China’s economic relationship with the United States helped the two countries work through some of their thorniest problems. These include the accidental bombing of the Chinese embassy in Belgrade in 1999, the 1995­–1996 Third Taiwan Strait Crisis, and the 2001 EP-3 surveillance plane incident.

Today, the United States and China are in a difficult period. China is seeking to resolve economic imbalances created by forty years of rapid growth. Beijing is also adapting to the forces of globalization, new technology, and its own greater global influence.
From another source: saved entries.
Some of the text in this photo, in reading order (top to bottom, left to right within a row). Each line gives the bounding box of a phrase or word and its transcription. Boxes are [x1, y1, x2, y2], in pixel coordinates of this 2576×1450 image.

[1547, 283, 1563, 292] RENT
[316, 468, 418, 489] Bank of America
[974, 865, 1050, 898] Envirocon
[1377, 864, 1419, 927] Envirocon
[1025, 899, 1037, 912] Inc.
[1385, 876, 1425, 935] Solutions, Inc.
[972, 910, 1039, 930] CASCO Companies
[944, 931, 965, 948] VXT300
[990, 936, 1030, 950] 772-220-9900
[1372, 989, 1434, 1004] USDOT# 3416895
How China decides to proceed on further economic and political reforms will have a big impact not just on China’s future growth but also on its relationship with the United States.
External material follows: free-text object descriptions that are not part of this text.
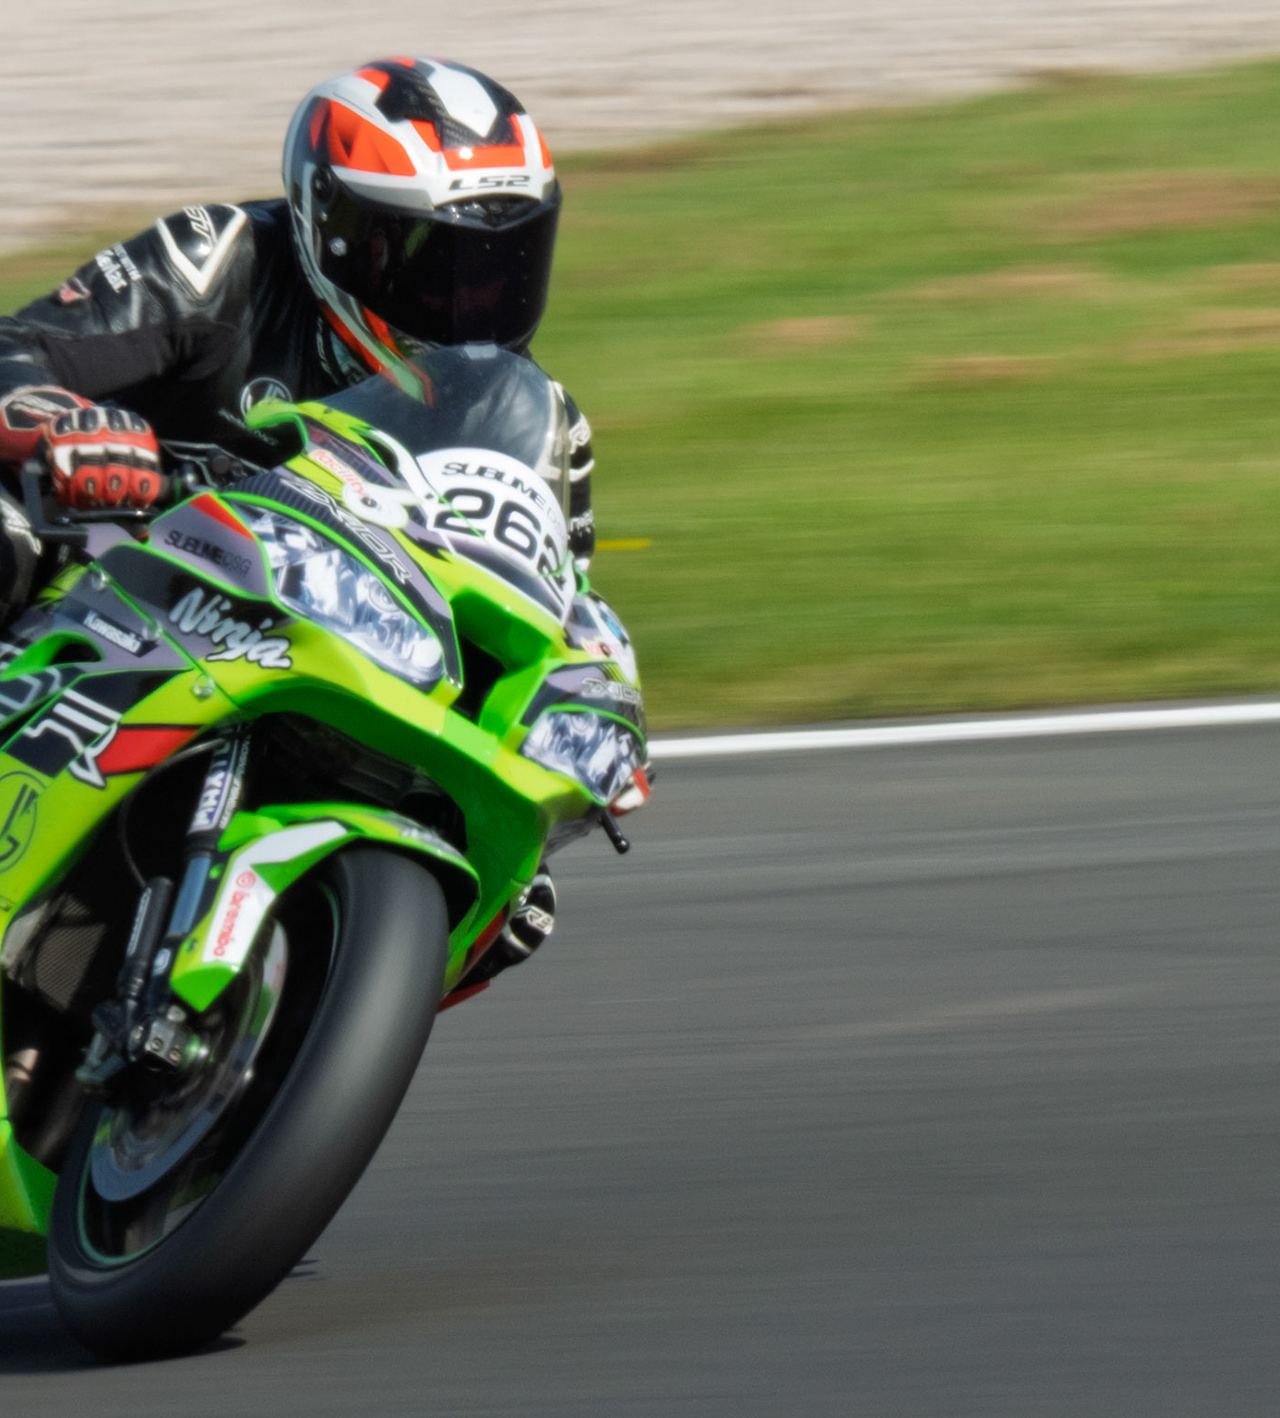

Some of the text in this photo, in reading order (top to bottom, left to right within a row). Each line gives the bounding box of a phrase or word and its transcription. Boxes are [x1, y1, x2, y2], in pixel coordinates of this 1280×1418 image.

[448, 175, 531, 192] LS2
[441, 461, 547, 511] SUBLIME
[82, 609, 145, 655] Kawasaki
[168, 586, 292, 669] Ninja
[213, 888, 251, 957] brembo
What is China getting right and wrong about U.S. foreign policy goals?

Haenle: When the trade war started, some in Beijing said it was about Trump playing to his political base. Others said it was part of a U.S. plan to contain China, undermine its rise, and change its political system. Many Chinese observers assert that the United States is shifting the blame for its domestic issues onto China, rather than better managing its own affairs.

Yet these interpretations don’t acknowledge the role China might have played. Beijing did not really take seriously the proposition that the United States was responding to legitimate grievances about China’s economic policies and lack of economic reform. But other countries also share these concerns.

Today, Beijing recognizes that China’s trade and economic practices and its more assertive foreign policy have alienated many who once welcomed the country’s rise and helped it along. The question now is whether Beijing has the will to address these concerns.

On which issues could the United States and China work together?

Haenle: During the Third Plenum meeting in 2013, Chinese President Xi Jinping laid out the next steps for reform and opening up. The plan was to allow market forces to be the decisive factor in allocating resources, lessen government intervention, and promote a strong private sector. If China were to do more along these lines, that would help its own economy and address the complaints of the Trump administration and U.S. businesses.

The question will be whether the next round of reforms is broad enough, deep enough, and soon enough. If new reforms move ahead with enough momentum, they could help resolve the current trade crisis and stop the U.S.-China relationship from getting worse.

Are U.S. and Chinese interests fundamentally incompatible?

Haenle: The short answer is no. More competition will no doubt lead to clashes. But nations clash all the time, allies and adversaries alike.

The problem is that neither country is prepared to manage the competitive aspects of the relationship. They need an updated framework that reduces the risk of confrontation and that allows China and the United States to work together in ways that benefit both sides.

This is a critical juncture. Now is the time to look to the next stage of the relationship and ask whether it needs to be redefined. If it does, how so? Can the two countries devise mechanisms to manage this competition?

Emotions on both sides of the Pacific are running high. But answering these questions now will help Washington and Beijing seize the immense future potential of the relationship.

Carnegie India does not take institutional positions on public policy issues; the views represented herein are those of the author(s) and do not necessarily reflect the views of Carnegie India, its staff, or its trustees.